(Annotated photo localization data)
::::::::

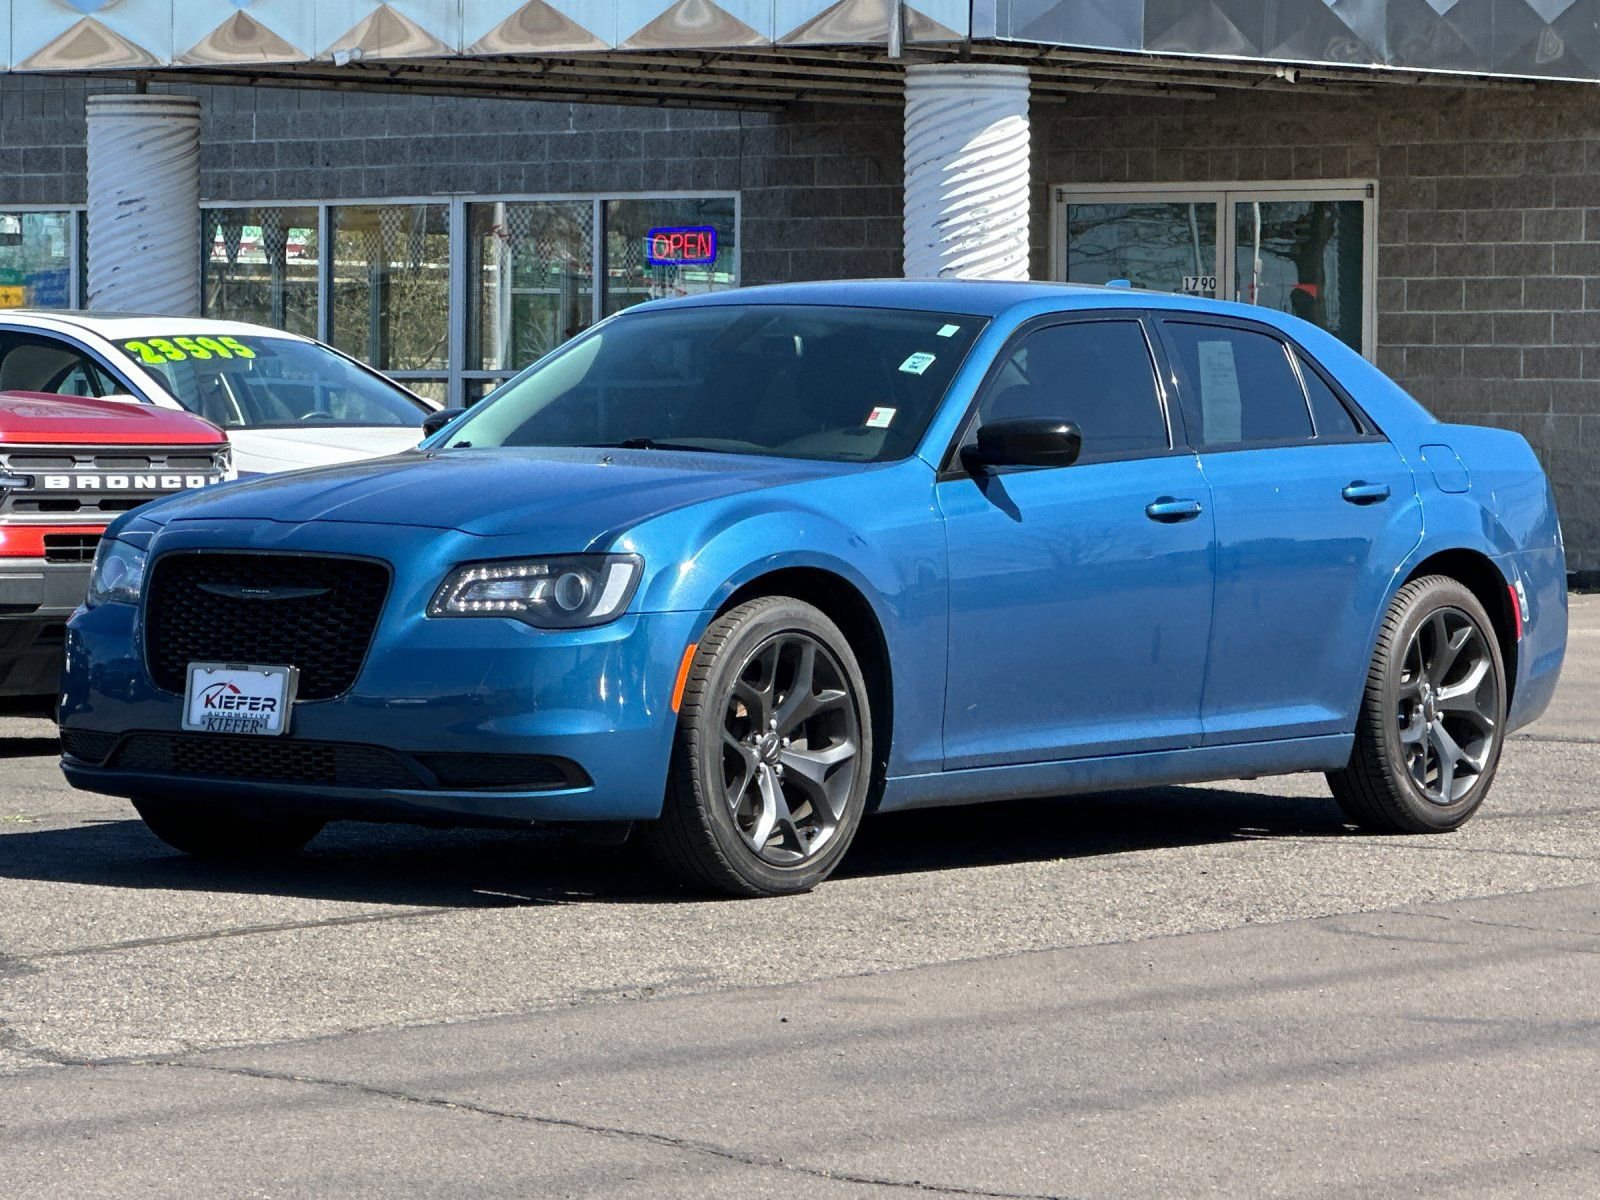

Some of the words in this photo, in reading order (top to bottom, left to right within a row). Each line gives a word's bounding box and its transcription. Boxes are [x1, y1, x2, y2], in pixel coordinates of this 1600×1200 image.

[653, 231, 712, 259] OPEN
[1185, 277, 1217, 291] 1790
[124, 336, 256, 364] 23595
[44, 475, 205, 489] BRONCO
[204, 692, 277, 712] KIEFER
[207, 711, 271, 720] AUTOMOTIVE
[205, 717, 259, 734] KIEFER

::::::::

Exercise description: Omit every picture, then repeat the remaining data exactly as it appears above.

Task solution:
Some of the words in this photo, in reading order (top to bottom, left to right within a row). Each line gives a word's bounding box and its transcription. Boxes are [x1, y1, x2, y2], in pixel coordinates of this 1600×1200 image.

[653, 231, 712, 259] OPEN
[1185, 277, 1217, 291] 1790
[124, 336, 256, 364] 23595
[44, 475, 205, 489] BRONCO
[204, 692, 277, 712] KIEFER
[207, 711, 271, 720] AUTOMOTIVE
[205, 717, 259, 734] KIEFER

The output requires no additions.